• _WORK ITEM_
Would you please repeat exactly the lines from the one containing "this 1600×1067 image." to the end of the records, both included, and leave out the rest?

• _Saved entries_
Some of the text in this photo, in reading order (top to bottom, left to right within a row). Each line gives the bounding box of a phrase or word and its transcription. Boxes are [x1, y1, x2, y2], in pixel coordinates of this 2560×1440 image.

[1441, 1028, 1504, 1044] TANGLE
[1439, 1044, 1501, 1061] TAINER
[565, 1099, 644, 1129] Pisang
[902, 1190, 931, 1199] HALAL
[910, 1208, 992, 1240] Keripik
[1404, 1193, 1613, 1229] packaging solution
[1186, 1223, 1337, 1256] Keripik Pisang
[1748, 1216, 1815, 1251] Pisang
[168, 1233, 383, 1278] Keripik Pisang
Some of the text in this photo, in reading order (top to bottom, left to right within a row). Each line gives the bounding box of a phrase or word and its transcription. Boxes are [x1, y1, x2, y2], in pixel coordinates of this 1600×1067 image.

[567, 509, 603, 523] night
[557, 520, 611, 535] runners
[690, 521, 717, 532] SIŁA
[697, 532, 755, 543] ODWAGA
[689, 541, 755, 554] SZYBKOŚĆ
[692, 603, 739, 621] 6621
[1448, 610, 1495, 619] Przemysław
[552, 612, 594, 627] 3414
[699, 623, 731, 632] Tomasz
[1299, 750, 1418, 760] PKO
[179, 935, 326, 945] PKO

• _OUTPUT_
Some of the text in this photo, in reading order (top to bottom, left to right within a row). Each line gives the bounding box of a phrase or word and its transcription. Boxes are [x1, y1, x2, y2], in pixel coordinates of this 1600×1067 image.

[567, 509, 603, 523] night
[557, 520, 611, 535] runners
[690, 521, 717, 532] SIŁA
[697, 532, 755, 543] ODWAGA
[689, 541, 755, 554] SZYBKOŚĆ
[692, 603, 739, 621] 6621
[1448, 610, 1495, 619] Przemysław
[552, 612, 594, 627] 3414
[699, 623, 731, 632] Tomasz
[1299, 750, 1418, 760] PKO
[179, 935, 326, 945] PKO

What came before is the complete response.